_Exercise goal_. The records below are to be transcribed exactly, with the pictures removed.

_Task input_.
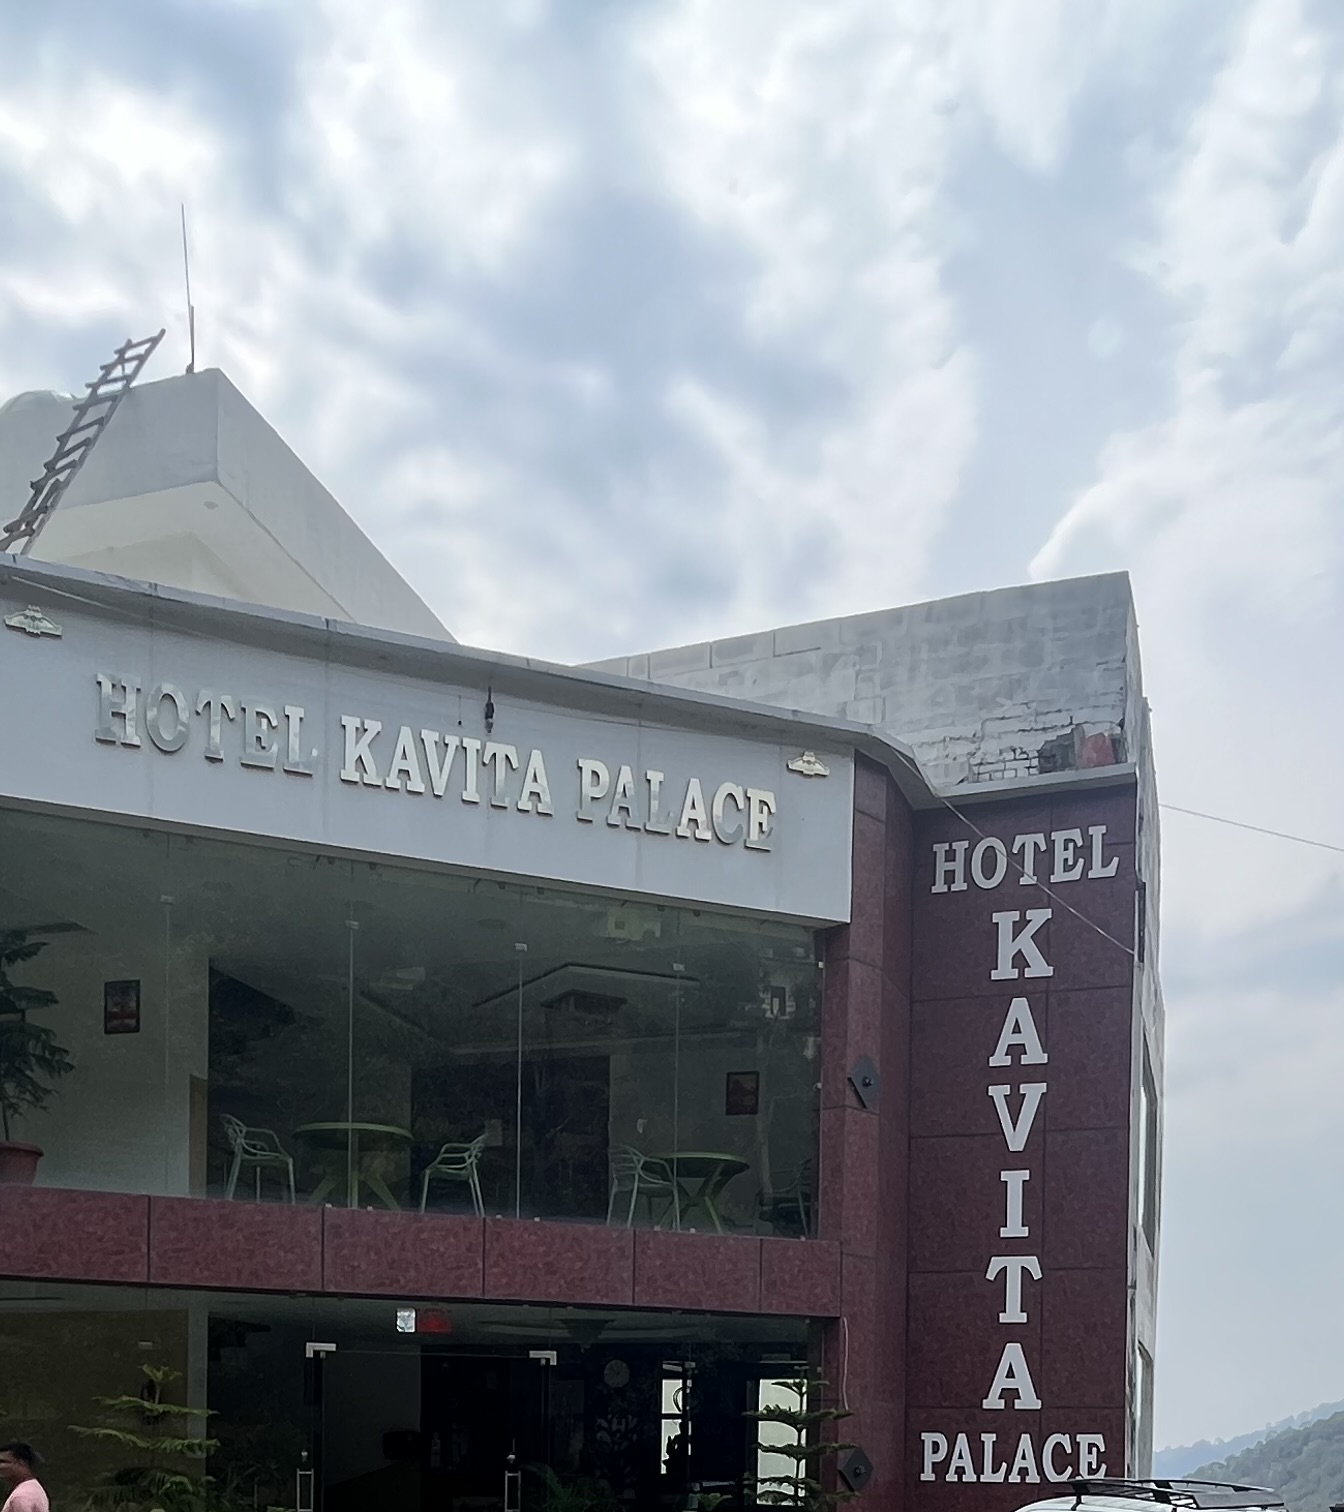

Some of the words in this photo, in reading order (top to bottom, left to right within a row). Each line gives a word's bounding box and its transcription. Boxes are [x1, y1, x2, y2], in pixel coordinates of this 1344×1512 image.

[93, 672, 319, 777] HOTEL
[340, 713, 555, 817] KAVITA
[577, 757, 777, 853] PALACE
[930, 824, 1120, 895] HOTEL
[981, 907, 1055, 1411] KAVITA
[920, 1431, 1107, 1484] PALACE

_Your response_.
Some of the words in this photo, in reading order (top to bottom, left to right within a row). Each line gives a word's bounding box and its transcription. Boxes are [x1, y1, x2, y2], in pixel coordinates of this 1344×1512 image.

[93, 672, 319, 777] HOTEL
[340, 713, 555, 817] KAVITA
[577, 757, 777, 853] PALACE
[930, 824, 1120, 895] HOTEL
[981, 907, 1055, 1411] KAVITA
[920, 1431, 1107, 1484] PALACE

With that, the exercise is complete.